GRAZIA SPIGA

 

BIO
Analytical Scientist at Biogen (USA) with a PhD in biochemistry. Solo mom of two.

Grazia Spiga

“Choose your mentor wisely, because you might need unexpected help and support along the way.


My journey has been rather challenging as you will read below, but it made me who I am now, a resilient single parent of two wonderful young adults. I could not have survived this difficult journey if not for the support received. 

My advice to any woman embarking in a science career is to choose your mentor or your manager wisely, because you might need unexpected help and support along the way beside your family and friends. Don’t ever be afraid to ask for help!

Science has been a passion for me since middle school. I had an amazing teacher who made me very curious about all the phenomena around us with a particular interest in genetics. Sport was my second passion. My dad owned a popular sport shop in the city center so all of us siblings were very active from an early age. I started playing basketball in the 6th grade and developed into a four sports athlete in High School.

During my senior year of high school, these two passions collided so I debated whether to choose the easy route, become a physical education teacher and stay in my homeland, Sardinia (Italy), or fully embark into a scientific journey that could bring me to do research abroad. I chose the second option and followed my strongest passion.

I studied Biology and Genetics at the University of Cagliari, my hometown, and after graduation, I left Italy, landing in Alabama at age 23 with a research scholarship at the University of Alabama for 3 years. Birmingham is where I met Dan, the man I married four years later in Sardinia, just 3 months before starting graduate school at the University of Miami. 

The moment you leave your homeland, building a family becomes more complicated because you don’t have the family support you need, so it’s really hard to decide the right time to have kids especially as a woman in science.

We were always having discussions about this topic with other female students, postdocs, and my mentor’s wife, who was a brand-new assistant professor in the lab next door. When she and my mentor were expecting their first child and spending 10 hours a day in the lab until the day before delivery, this was a turning point for my husband and me. If they can do it, we can do it! 

Having a supporting mentor is all that you need if you want to start your family as a graduate student.

So it went! We used the same stroller alternating between my mentor’s two kids and our two kids for the next 5 years! Grad school was tough, a lot of sleepless nights, daycare guilt, countless experiments, but I am always proud to tell people it was a productive time with two published papers and two kids while pursuing a PhD in Biochemistry and Molecular Biology. 

I almost quit and could not have done it without my mentor’s and my husband’s support, and of course my mom who spent 3 months in the US to help us with each birth.
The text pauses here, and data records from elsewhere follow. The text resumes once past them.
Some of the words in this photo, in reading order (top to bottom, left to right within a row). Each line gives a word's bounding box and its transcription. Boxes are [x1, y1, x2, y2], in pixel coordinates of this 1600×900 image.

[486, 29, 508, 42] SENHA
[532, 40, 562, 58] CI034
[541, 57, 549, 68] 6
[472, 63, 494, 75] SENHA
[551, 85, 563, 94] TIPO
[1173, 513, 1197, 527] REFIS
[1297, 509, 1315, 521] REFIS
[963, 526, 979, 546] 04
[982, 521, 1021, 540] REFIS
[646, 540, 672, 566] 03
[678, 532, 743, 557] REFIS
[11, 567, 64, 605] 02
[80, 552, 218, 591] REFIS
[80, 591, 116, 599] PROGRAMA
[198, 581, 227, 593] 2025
After two postdocs, and a scientist position in academia, I finally landed my first job in the Biotechnology Industry. These years were also filled with a lot of hard work even on weekends, lots of strong coffee, and many nights reading papers after the kids were put to sleep, usually by my husband, who had more regular hours and continued to be very supportive of my career. 

Eventually I reached a life-work balance where I knew I could be both a scientist and a mom at all costs and the sky was my limit.
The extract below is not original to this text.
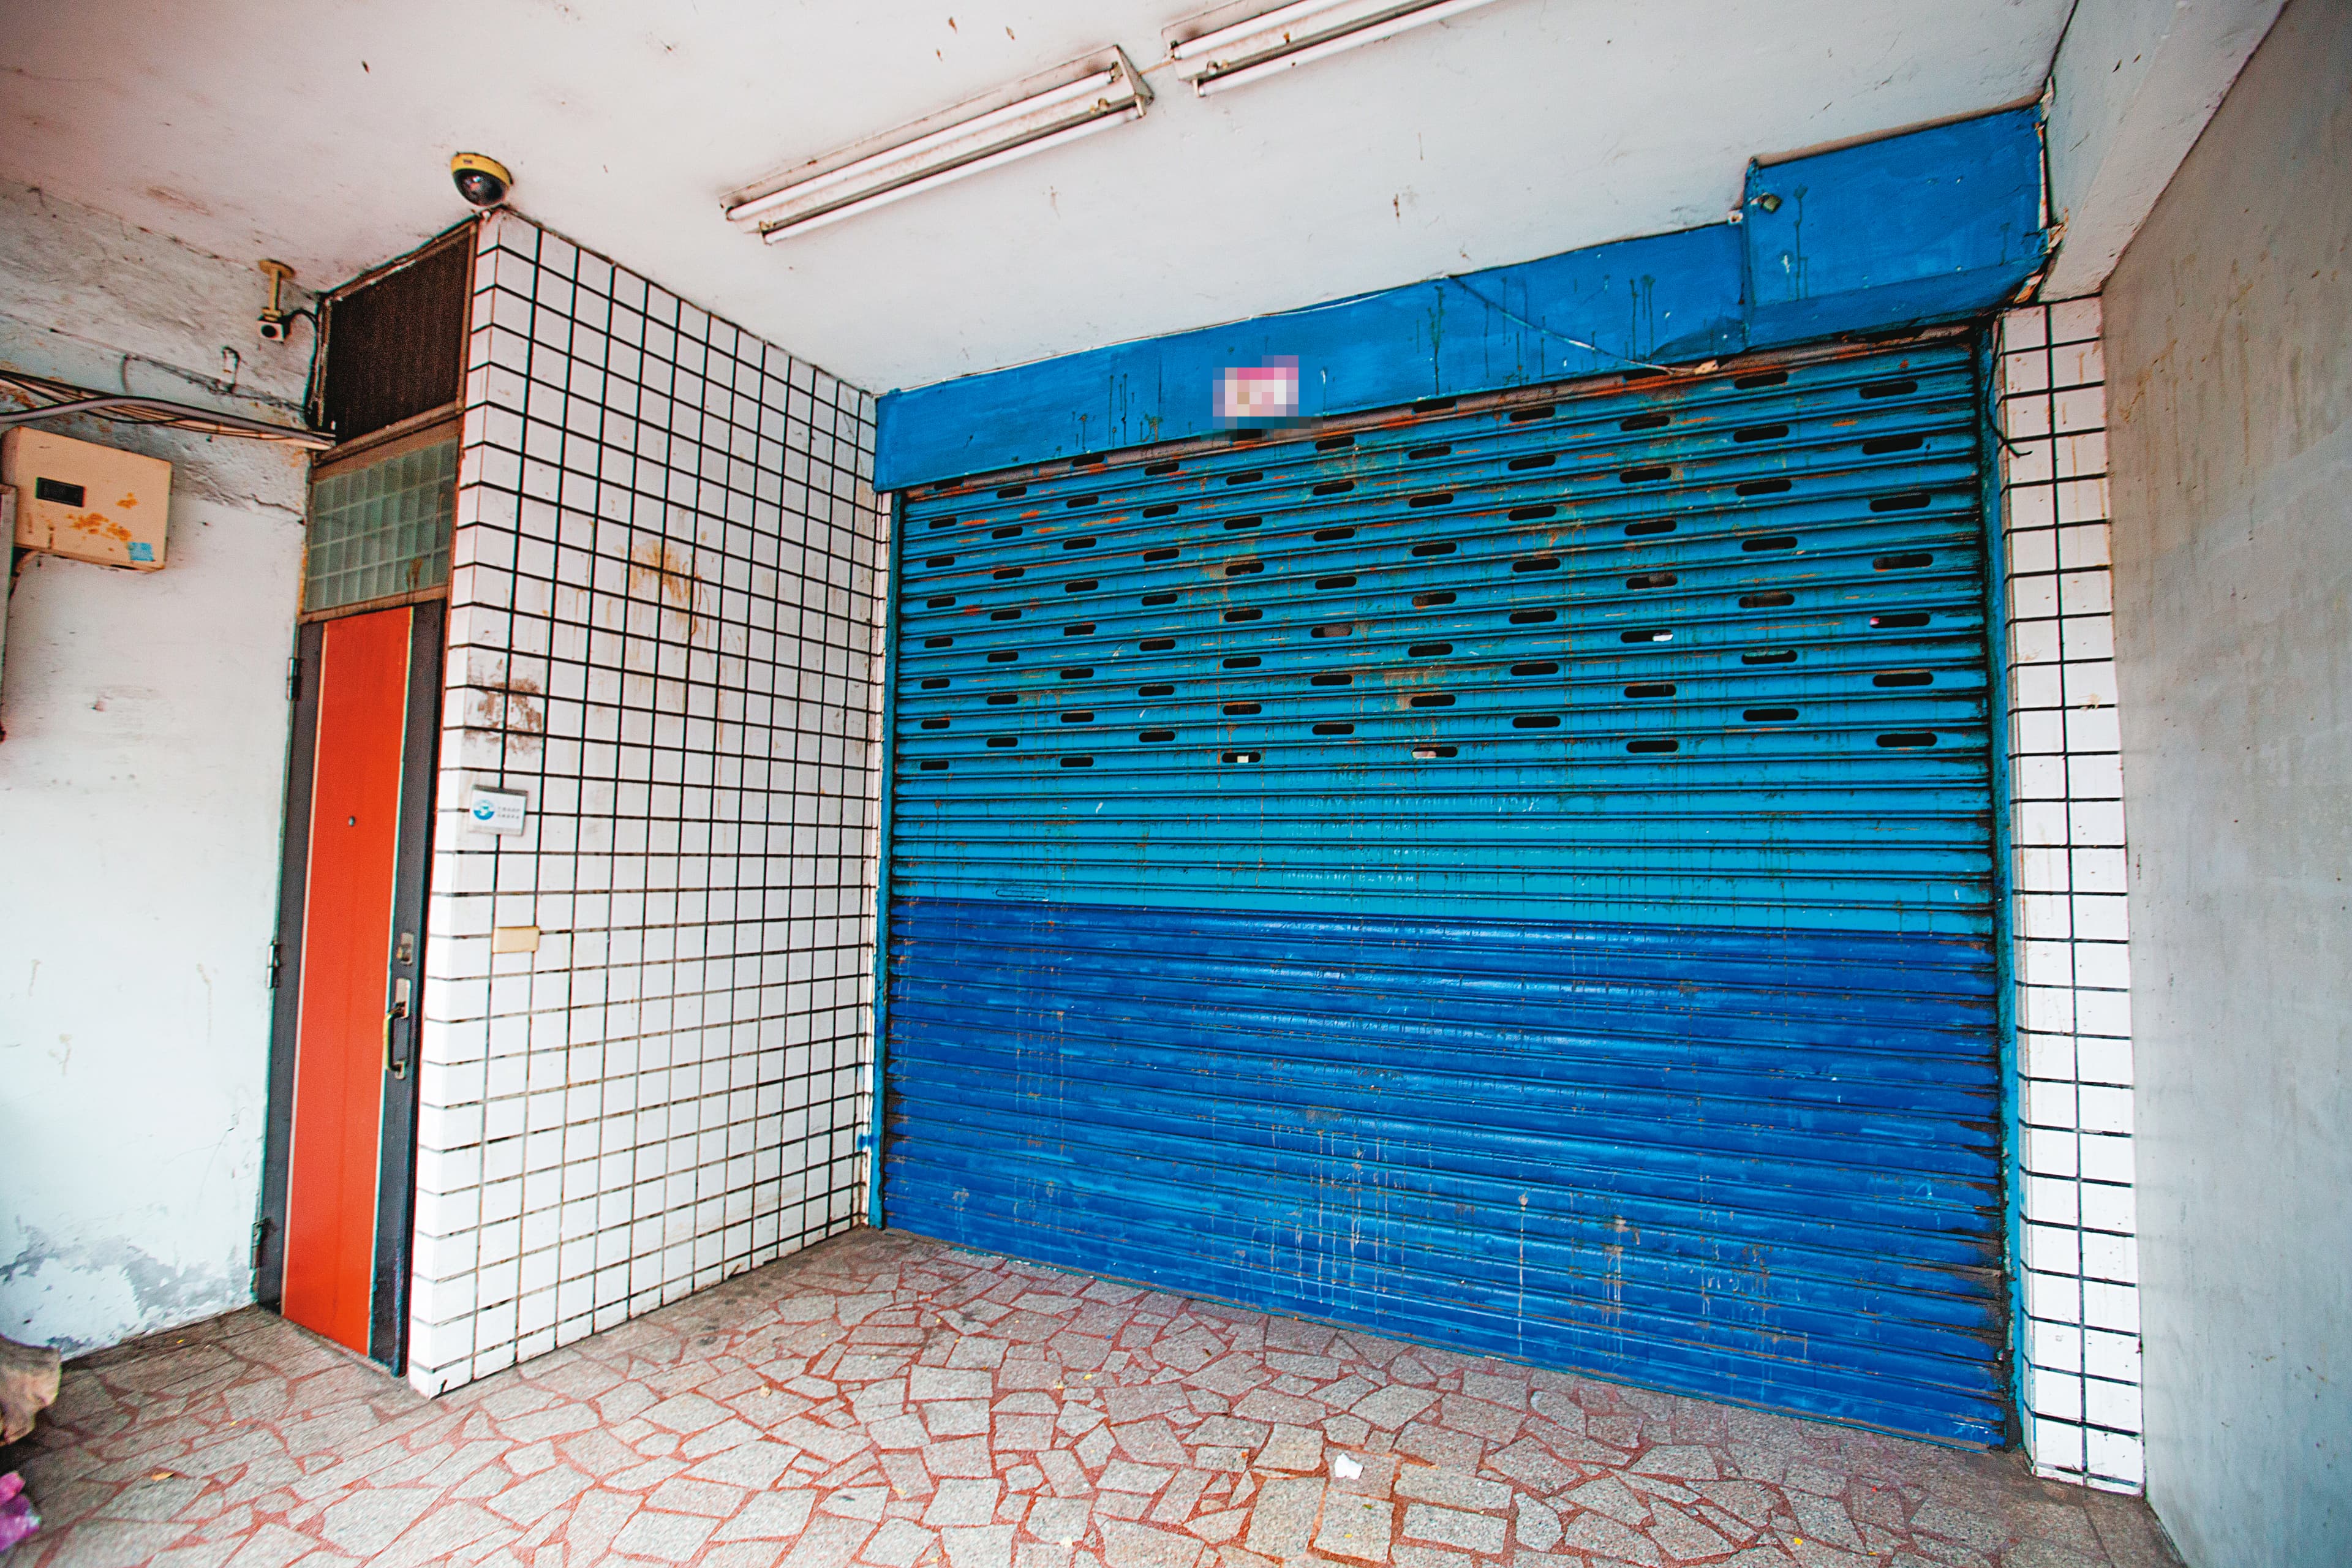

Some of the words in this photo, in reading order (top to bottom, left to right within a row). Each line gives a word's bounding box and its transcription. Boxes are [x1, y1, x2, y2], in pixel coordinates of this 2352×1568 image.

[1289, 797, 1342, 809] SUNDAY
[1385, 797, 1457, 807] NATIONAL
[1470, 797, 1540, 807] HOLIDAY
If I thought having kids in grad school was tough, I didn’t know things would get much tougher exactly 10 years after graduation in 2014. The perfect storm hit. My husband was diagnosed with colon cancer.

The next 4 years were a blur. Juggling motherhood (Erik and Sara were then 11 and 14, just starting middle and high school), working for high pace companies which thankfully allowed a flexible schedule for taking my husband to chemotherapy every 3 weeks or to surgery when the cancer became metastatic 16 months later. 

Trying to find a work-life balance was almost impossible. My husband slowly delegated parenting to me because he was losing his battle.

I became a caregiver, a struggling mom with the whole weight of the family on my shoulders, and lastly a scientist whose career was pushed backstage. 

My wonderful husband passed away in the summer of 2018 just after Sara’s HS graduation and during the first week of HS sophomore year for Erik. 

Being a solo parent has been a long adjustment. It took a village of supportive people to bring me back to my path as a resilient mother and as a successful scientist.